The change of relative stability upon oxidation also provides us with strong evidence that the S2A state precedes the S2B state during the S2-to-S3 transition, as already suggested in previous papers (40, 50) and supported by recent calculations (37). The picture emerging from our data also suggests that the thermally activated passage from [S2A]+ to [S2B]+ conformer may represent the rate-determining step for the S2-to-S3 transition, albeit the subsequent water binding may also contribute to such a step. The estimated free-energy barrier for the S2-to-S3 transition, although it cannot be taken with high precision owing to the intrinsic limitations of the density functional theory plus U (DFT+U) approach and to the statistical error owing to finite time of simulations, is indeed compatible with the fact that the observed time for the electron transfer from the Mn cluster to the radical Tyr-Z occurs in the microsecond range (51) upon light excitation. The electron rearrangement significantly affects the metal–metal distances of the Mn cluster. In particular, the resulting Mn₄(IV) geometry has an elongated Mn1–Mn4 distance, conferring to the cluster a more open structure, which might lead to an increase in the molecular volume. Interestingly, a significant increase in the molecular volume has been also observed by Dau and coworkers in photo-acoustic experiments between S2 and S3 states (52, 53) and attributed to a proton release from the cluster. In this regard it should be noted that the PCET mechanism involving the simultaneous proton shuffling between Tyr-Z and His190 and the electron transfer from the Mn4 to the radical Tyr-Z cannot be associated with the proton release observed by Dau and coworkers (52). Moreover, because in our model system the proton suggested by Dau and coworkers to be released in 30 μs might already be absent, the subsequent half-time of 180 μs observed for the Tyr-Z rereduction (54) could be ascribed (at least partially) to the interconversion between the S2A and the S2B state.
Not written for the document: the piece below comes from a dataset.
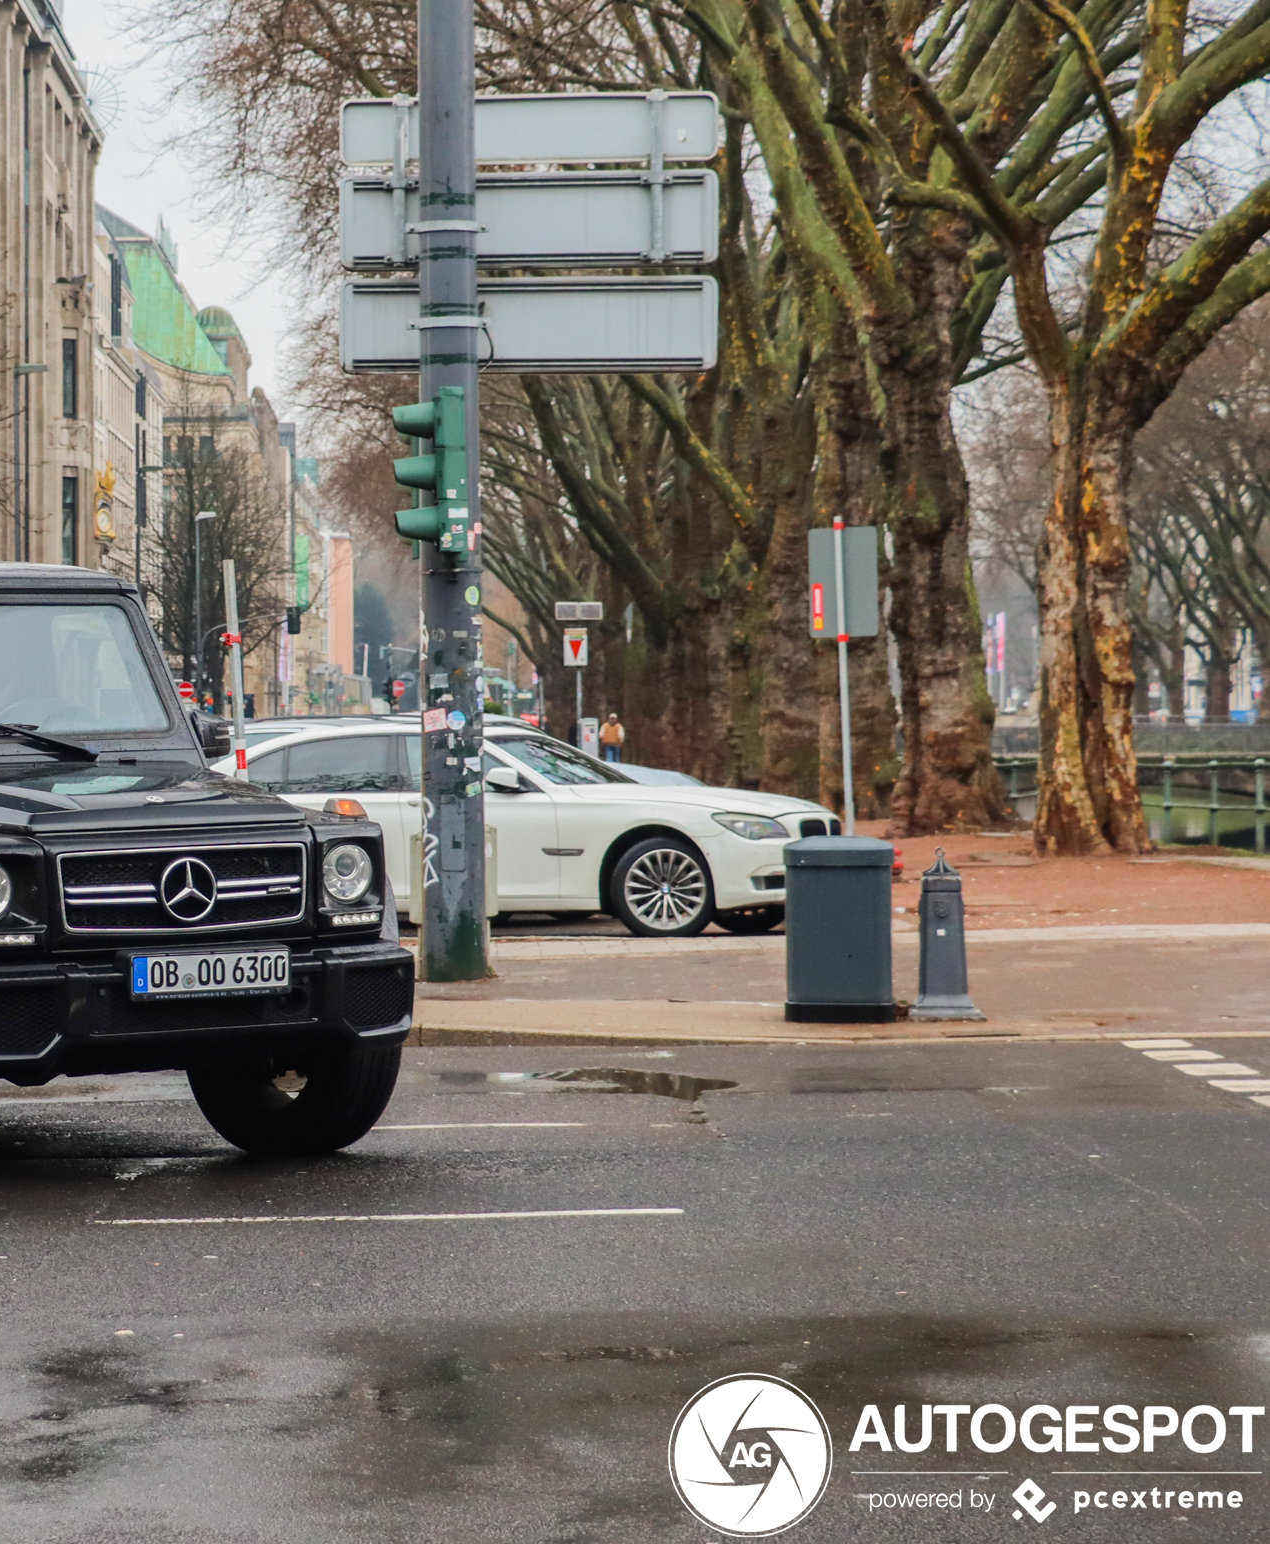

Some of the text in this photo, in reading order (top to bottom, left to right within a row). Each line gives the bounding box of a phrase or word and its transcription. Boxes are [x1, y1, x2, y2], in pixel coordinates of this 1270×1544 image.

[137, 978, 144, 987] D
[150, 959, 179, 988] OB
[232, 954, 286, 985] 6300
The increase of solvent exposure shown by the [S2B]+ model might promote the binding of one additional water molecule and the formation of the hexa-coordinated Mn4, as already suggested by Cox and Messinger (40). The binding of an external water molecule is consistent with mass spectrometric results, although these data exclude the possibility that this water is the substrate (both substrate water molecules are already bound in the S₂ state) (40). Based on our calculations the water binding is likely to occur between the [S2B]+ and S3 states, as sketched in Fig. 5. Such hexa-coordinated S2B geometry has been already observed by us in a previous simulation (37), and a similar binding mechanism might be expected in [S2B]+. These results also indicate that the S2B model should be taken as a reference point for modeling the water oxidation reaction, at variance with what has been considered so far in electronic structure calculations (55). In summary, the present work provides structural insights on the conformational changes occurring in the Kok cycle between the S2 and S3 states, thus helping to rationalize previously suggested water-splitting mechanisms (56, 57). The data clearly show that the S2A structure has to precede the S2B state along the cycle, providing a structural basis of the S3 state.

Materials and Methods

Model Definition.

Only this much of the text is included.